Global star formation revisited
Joseph Silk, Colin Norman

TL;DR
This paper develops a comprehensive model of disk star formation incorporating multi-phase gas dynamics, feedback mechanisms, and AGN influence, explaining observed laws and predicting new correlations in galaxy evolution.
Contribution
It introduces a unified model linking star formation laws, feedback processes, and AGN effects, extending previous theories with new predictions and a detailed treatment of turbulence and outflows.
Findings
Schmidt-Kennicutt law emerges naturally from the model.
Inverse correlation predicted between Tully-Fisher residuals and star formation.

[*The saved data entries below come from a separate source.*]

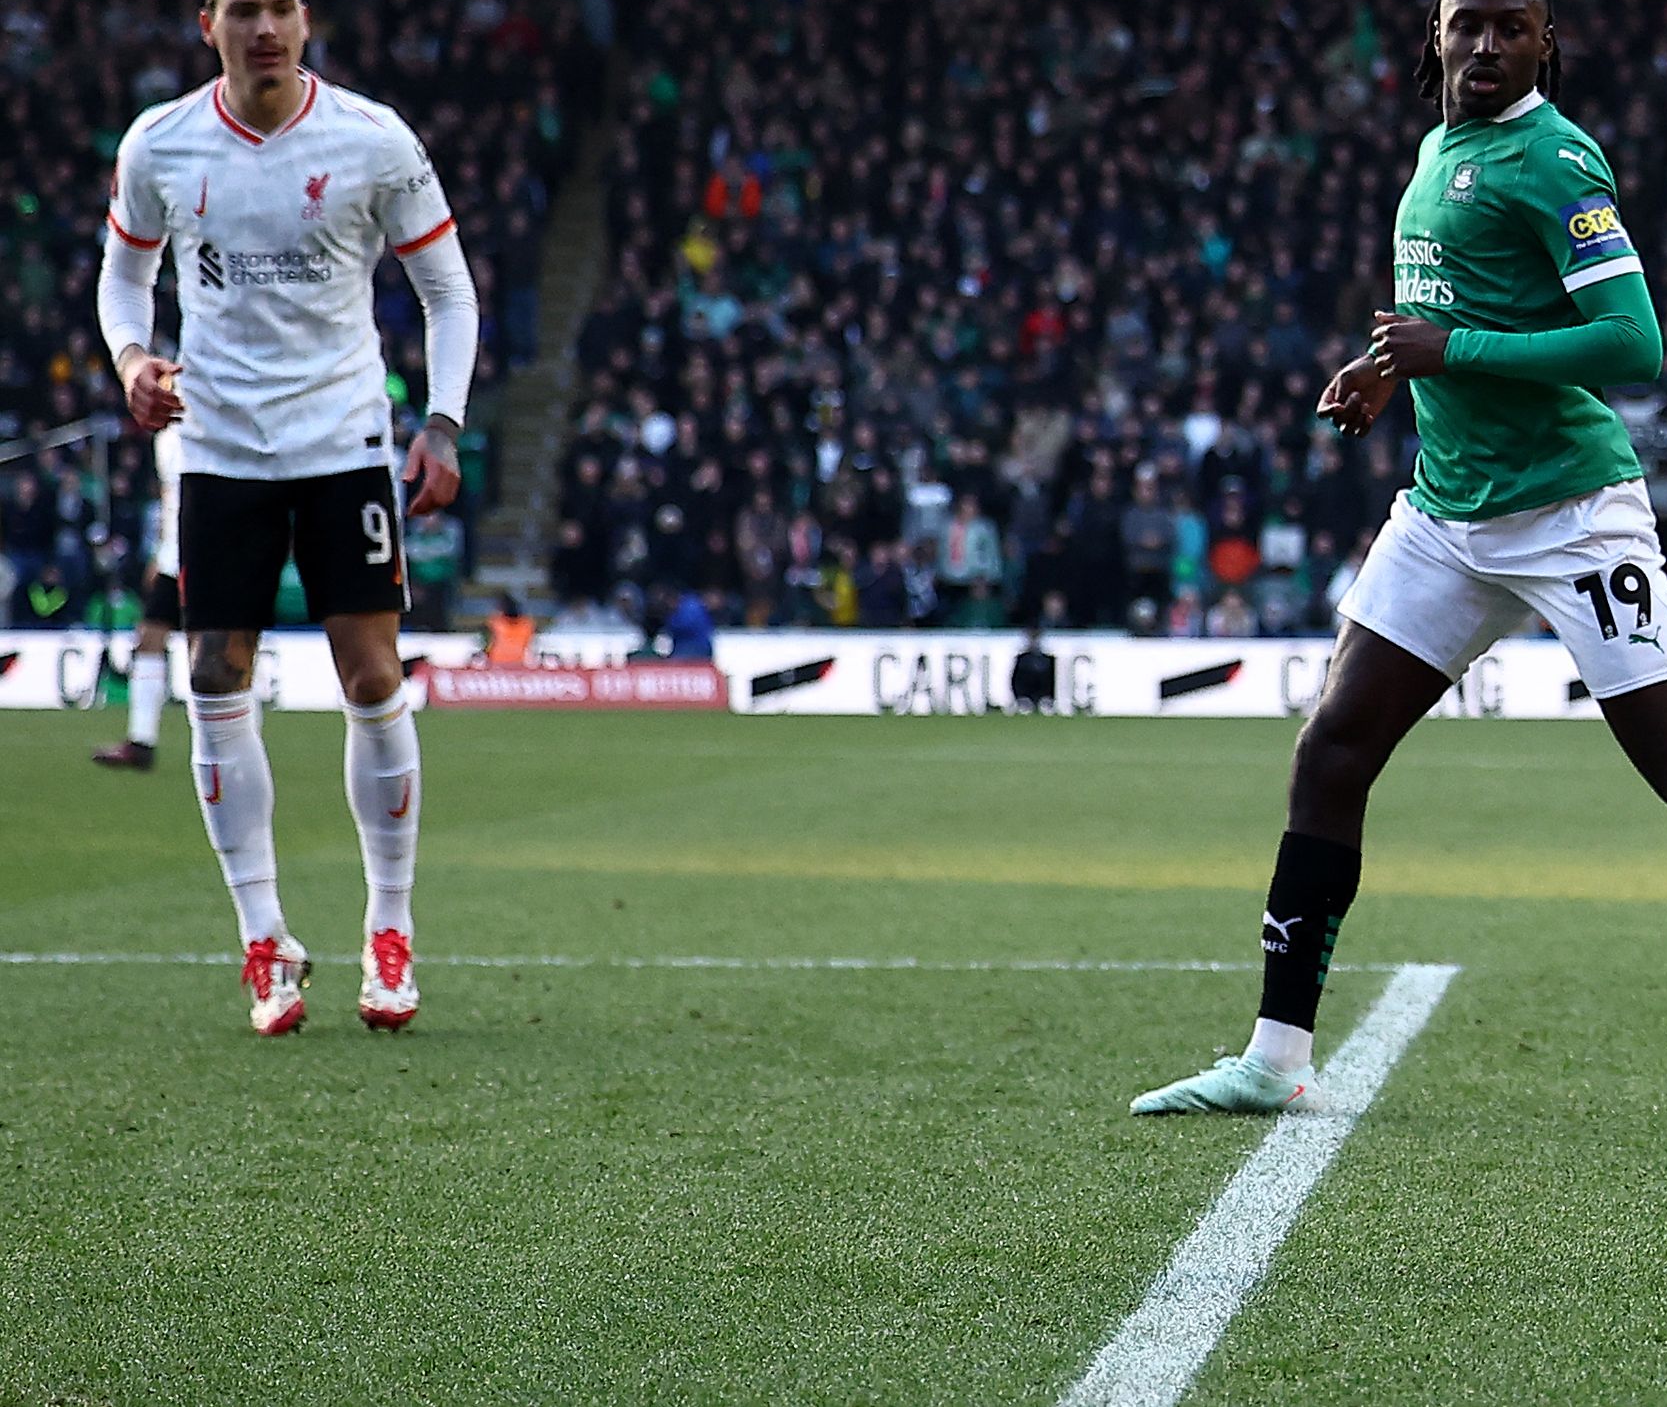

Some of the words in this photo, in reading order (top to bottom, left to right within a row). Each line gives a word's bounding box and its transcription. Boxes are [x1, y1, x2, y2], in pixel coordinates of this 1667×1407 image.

[1393, 229, 1443, 267] lassic
[1394, 268, 1455, 306] ilders
[361, 501, 392, 562] 9
[1572, 562, 1652, 642] 19
[873, 652, 1094, 715] CARLG
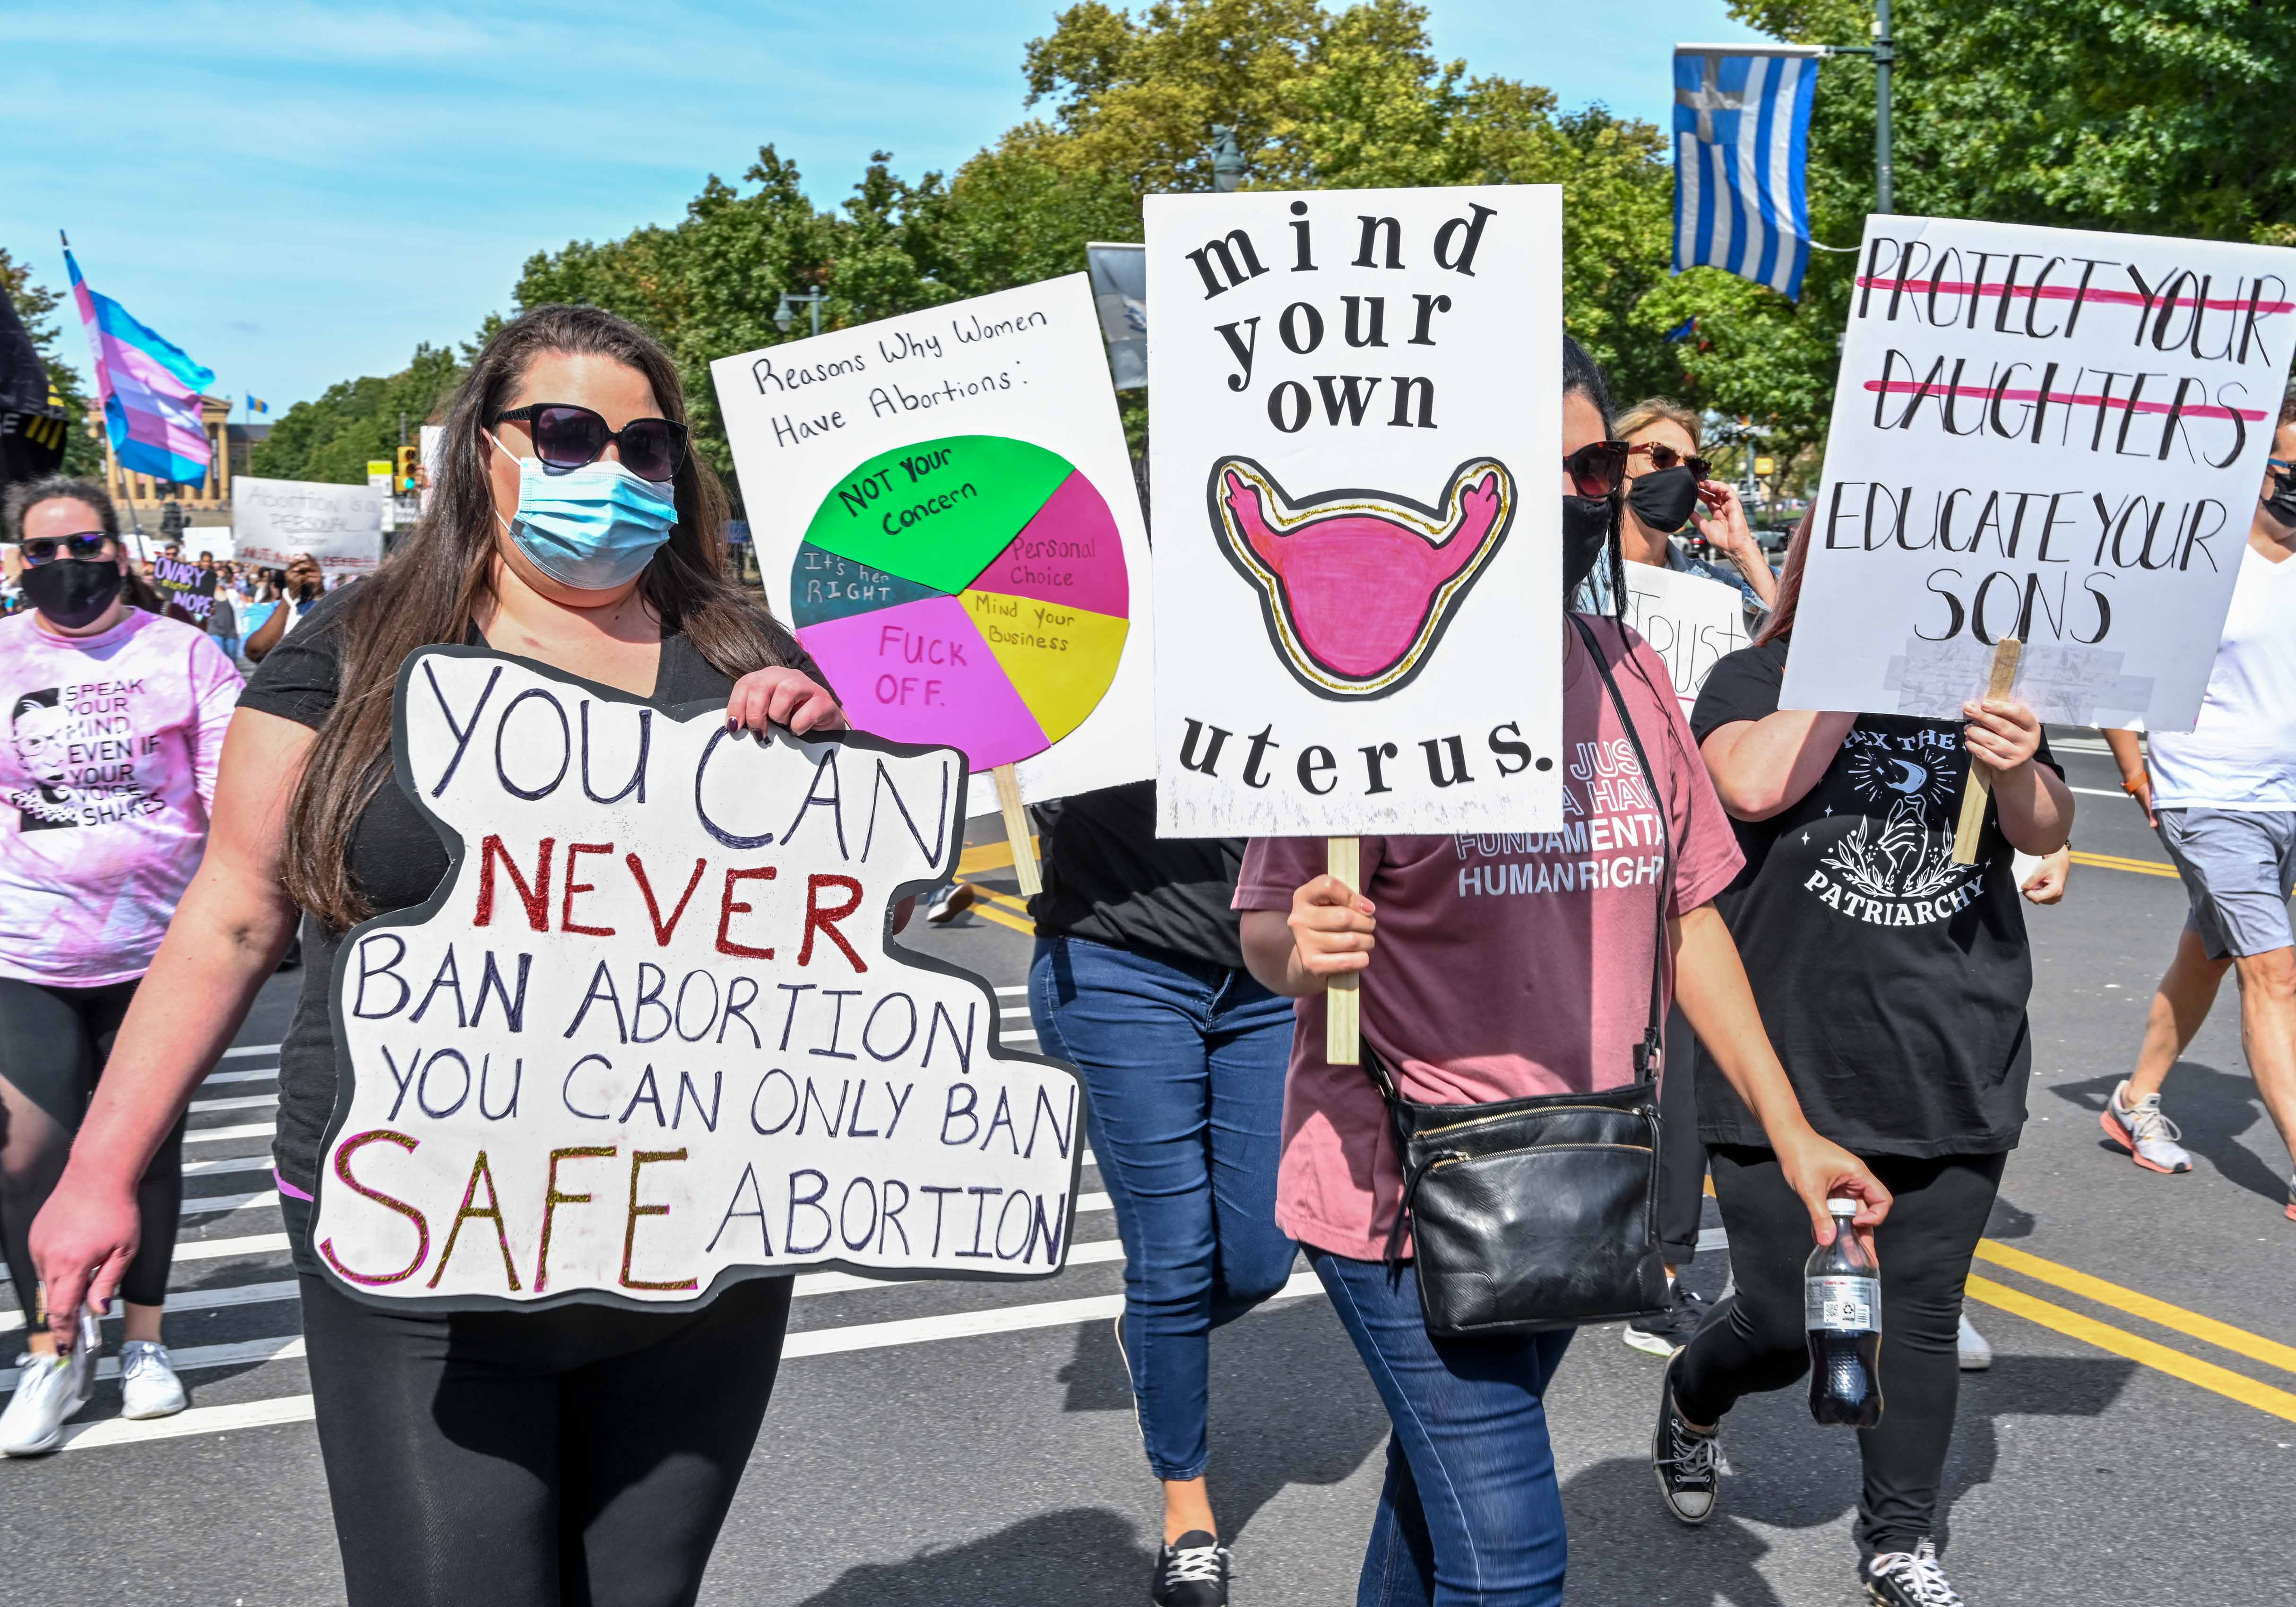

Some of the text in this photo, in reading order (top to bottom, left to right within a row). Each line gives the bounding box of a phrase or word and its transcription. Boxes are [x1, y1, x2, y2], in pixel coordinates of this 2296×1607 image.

[1185, 201, 1497, 301] mind
[1858, 238, 2286, 367] PROTECT YOUR
[752, 312, 1046, 395] Reasons Why Women
[1214, 294, 1451, 392] your
[772, 360, 1028, 447] Have Abortions:
[1268, 375, 1437, 433] own
[1874, 349, 2247, 468] DAUGHTERS
[838, 468, 893, 517] NOT
[882, 483, 977, 536] Concern
[1012, 536, 1095, 560] Personal
[1826, 482, 2227, 572] EDUCATE YOUR
[155, 557, 207, 588] OVARY
[804, 552, 889, 583] It's her
[1011, 566, 1073, 586] Choice
[173, 590, 213, 617] NOPE
[807, 579, 890, 604] RIGHT
[1914, 569, 2115, 645] SONS
[879, 624, 967, 666] FUCK
[988, 625, 1069, 652] Business
[64, 698, 129, 717] YOUR
[65, 679, 145, 701] SPEAK
[875, 673, 945, 707] OFF.
[66, 717, 130, 739] MIND
[68, 734, 160, 764] EVEN IF
[1897, 729, 1956, 752] THE
[69, 764, 137, 786] YOUR
[423, 659, 949, 868] YOU CAN
[1180, 717, 1553, 795] uterus.
[1570, 738, 1641, 780] JUS
[76, 782, 144, 803] VOICE
[82, 792, 166, 826] SHAKES
[1586, 777, 1659, 814] HAV
[1454, 814, 1666, 860] FUNDAMENTA
[1459, 856, 1664, 898] HUMAN RIGH
[1804, 870, 1984, 926] PATRIARCHY
[473, 834, 868, 973] NEVER
[353, 933, 975, 1074] BAN ABORTION
[382, 1045, 1075, 1159] YOU CAN ONLY BAN
[319, 1130, 1066, 1293] SAFE ABORTION
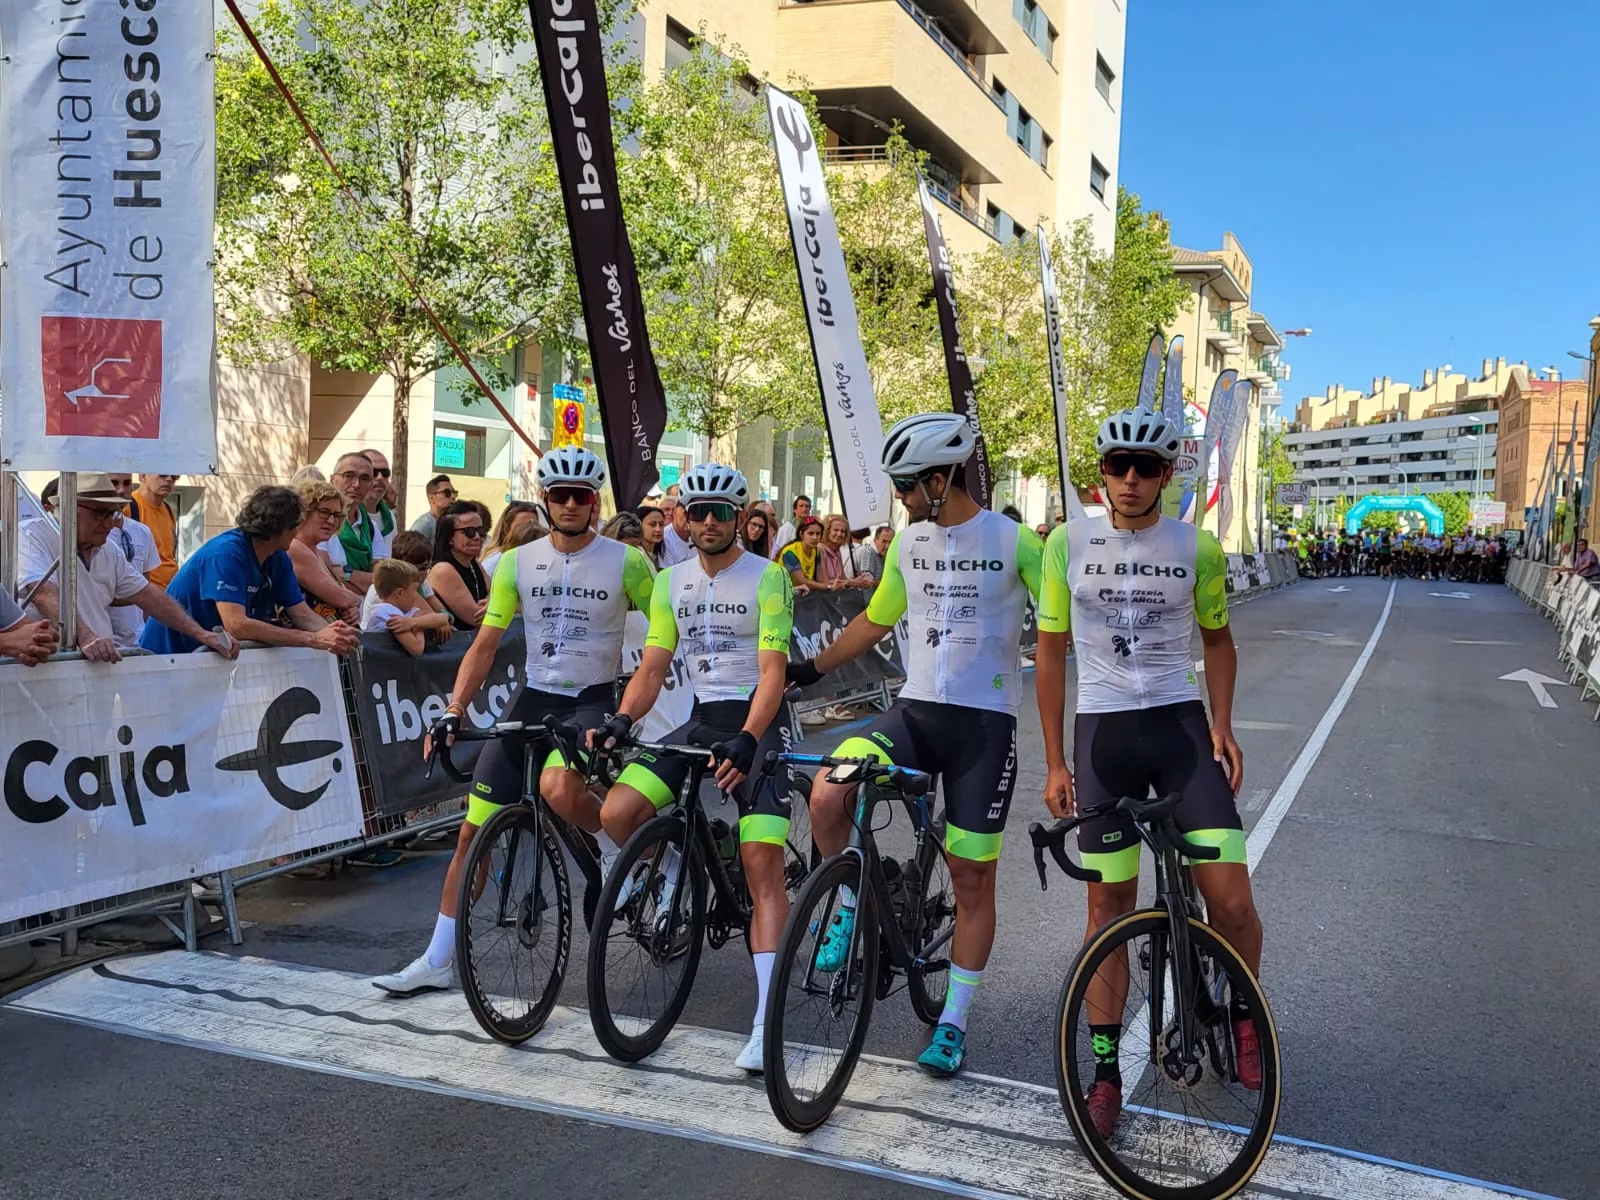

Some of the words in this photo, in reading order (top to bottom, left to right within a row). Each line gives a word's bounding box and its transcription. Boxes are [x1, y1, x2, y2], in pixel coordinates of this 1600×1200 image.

AGN-driven winds can trigger and enhance star formation in galaxy centers.
Abstract
A general treatment of disk star formation is developed from a dissipative multi-phase model, with the dominant dissipation due to cloud collisions. The Schmidt-Kennicutt law emerges naturally for star-forming disks and starbursts. We predict that there should be an inverse correlation between Tully-Fisher law and Schmidt-Kennicutt law residuals. The model is extended to include a multi-phase treatment of supernova feedback that leads to a turbulent pressure-regulated generalization of the star formation law and is applicable to gas-rich starbursts. Enhanced pressure, as expected in merger-induced star formation, enhances star formation efficiency. An upper limit is derived for the disk star formation rate in starbursts that depends on the ratio of global ISM to cloud pressures. We extend these considerations to the case where the interstellar gas pressure in the inner galaxy is…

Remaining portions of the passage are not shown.